Extracted records: Begin
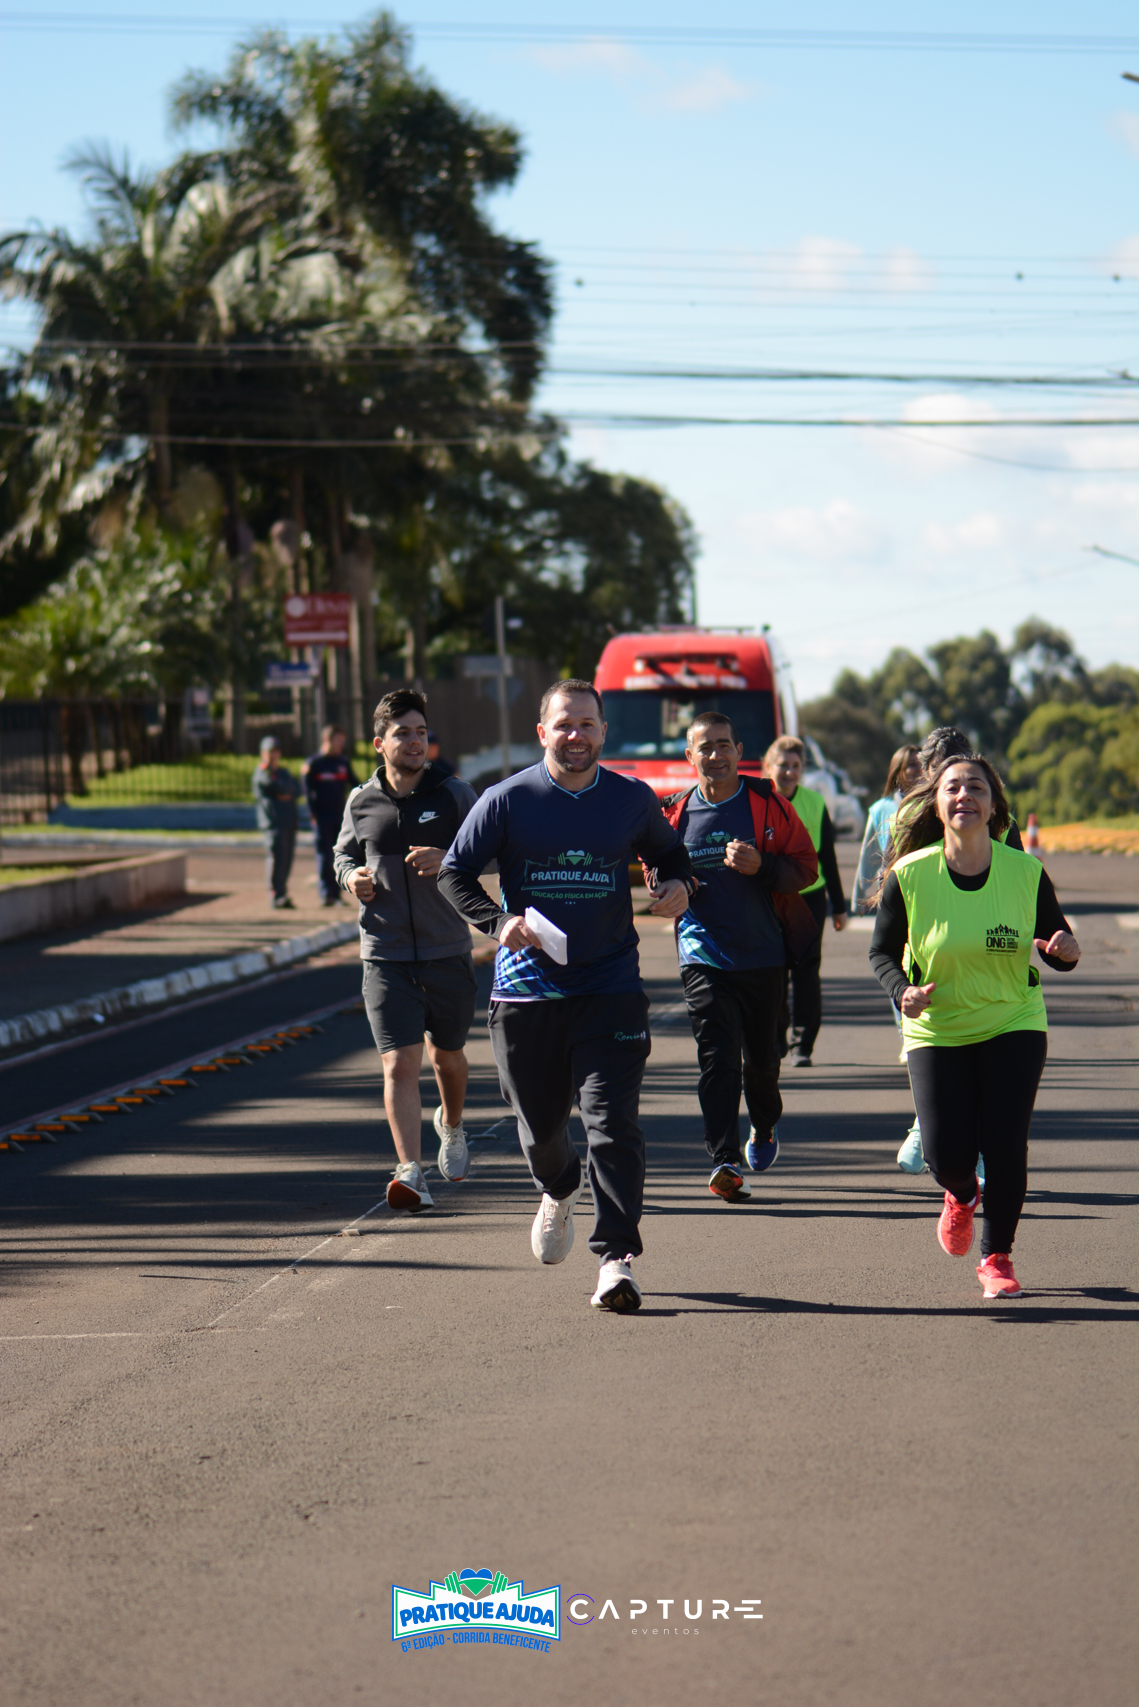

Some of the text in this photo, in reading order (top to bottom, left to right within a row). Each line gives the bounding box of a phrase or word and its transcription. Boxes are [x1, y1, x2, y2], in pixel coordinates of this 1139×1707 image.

[688, 846, 725, 859] PRATIQUE
[531, 871, 609, 883] PRATIQUE AJUDA
[531, 891, 563, 900] EDUCAÇÃO
[594, 891, 608, 900] AÇÃO
[986, 936, 1006, 948] ONG
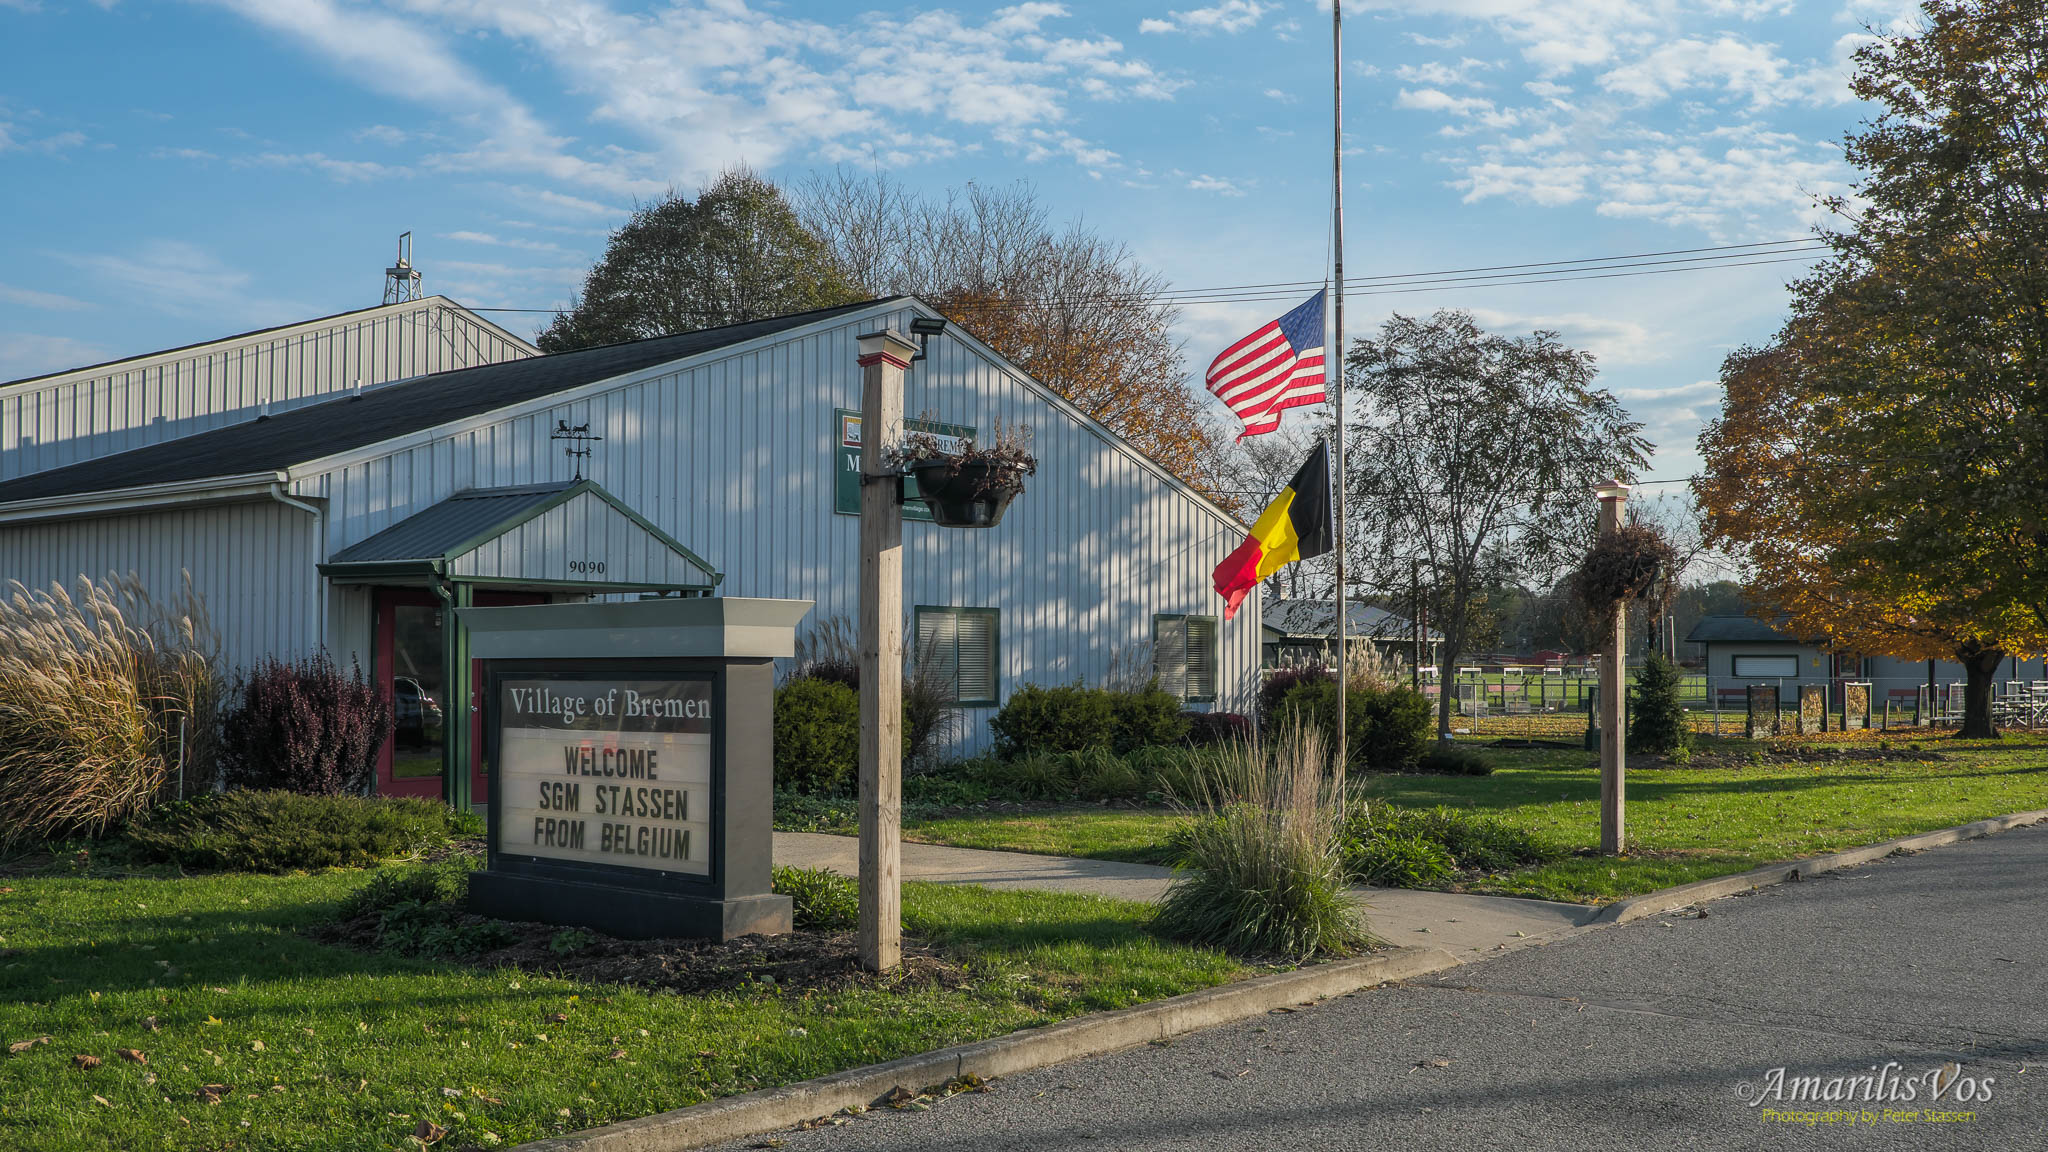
Extracted records: End
*Task instructions*
From the first line to the last, retype the entries above exactly, minus the pictures.

*Written answer*
Some of the text in this photo, in reading order (top to bottom, left to right within a row). Each line gives the bounding box of a phrase or word and its transcription. Boxes are [x1, y1, x2, y2], in pixel coordinates of this 1139×1707 image.

[688, 846, 725, 859] PRATIQUE
[531, 871, 609, 883] PRATIQUE AJUDA
[531, 891, 563, 900] EDUCAÇÃO
[594, 891, 608, 900] AÇÃO
[986, 936, 1006, 948] ONG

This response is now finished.